### [Activity]
For every entry below, give it back exactly and leave out any image.

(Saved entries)
========

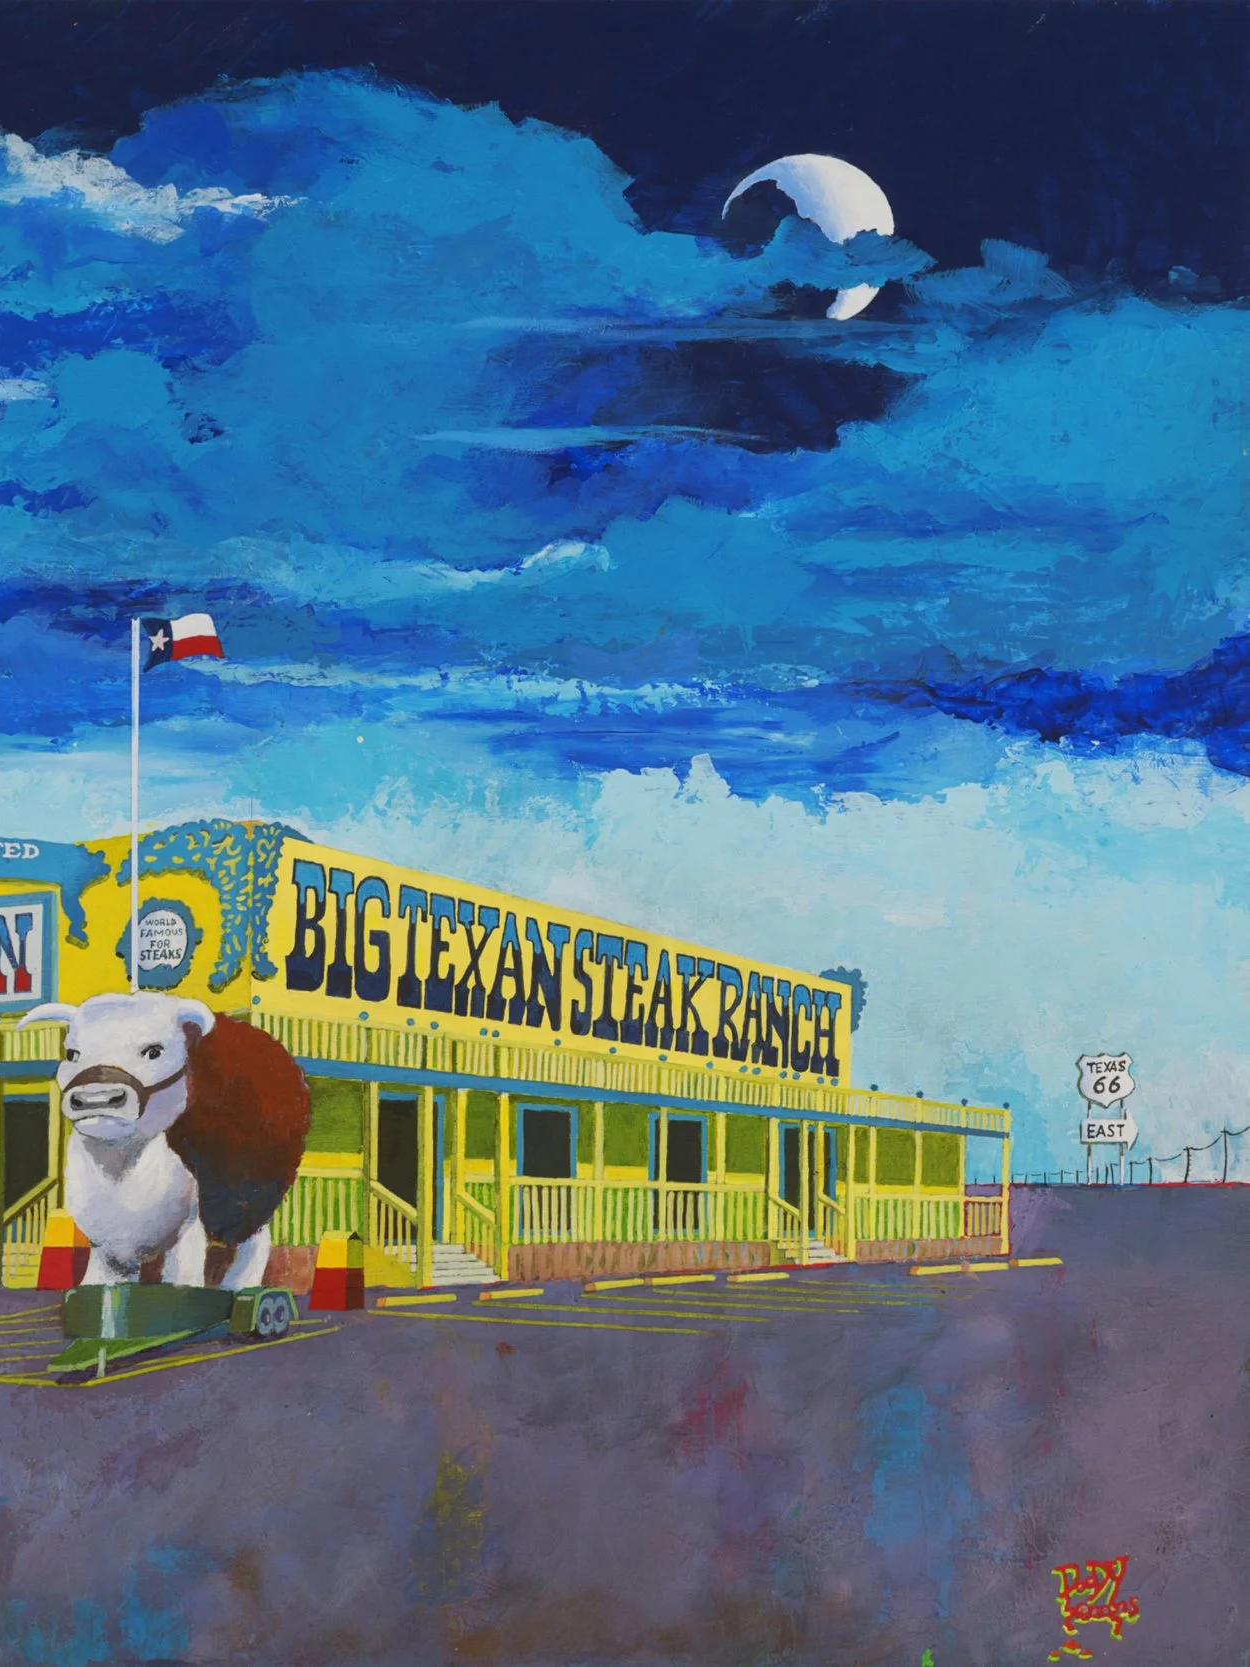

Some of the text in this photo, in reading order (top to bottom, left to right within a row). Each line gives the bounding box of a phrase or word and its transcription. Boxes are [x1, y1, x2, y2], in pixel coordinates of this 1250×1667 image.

[145, 918, 177, 926] WORLD
[140, 928, 183, 938] FAMOUS
[150, 939, 170, 949] FOR
[140, 948, 182, 961] STEAKS
[285, 858, 842, 1077] BIG TEXAN STEAK RANCH
[1086, 1060, 1127, 1074] TEXAS
[1093, 1075, 1121, 1094] 66
[1086, 1123, 1125, 1139] EAST

========

### [Expected answer]
Some of the text in this photo, in reading order (top to bottom, left to right within a row). Each line gives the bounding box of a phrase or word and its transcription. Boxes are [x1, y1, x2, y2], in pixel coordinates of this 1250×1667 image.

[145, 918, 177, 926] WORLD
[140, 928, 183, 938] FAMOUS
[150, 939, 170, 949] FOR
[140, 948, 182, 961] STEAKS
[285, 858, 842, 1077] BIG TEXAN STEAK RANCH
[1086, 1060, 1127, 1074] TEXAS
[1093, 1075, 1121, 1094] 66
[1086, 1123, 1125, 1139] EAST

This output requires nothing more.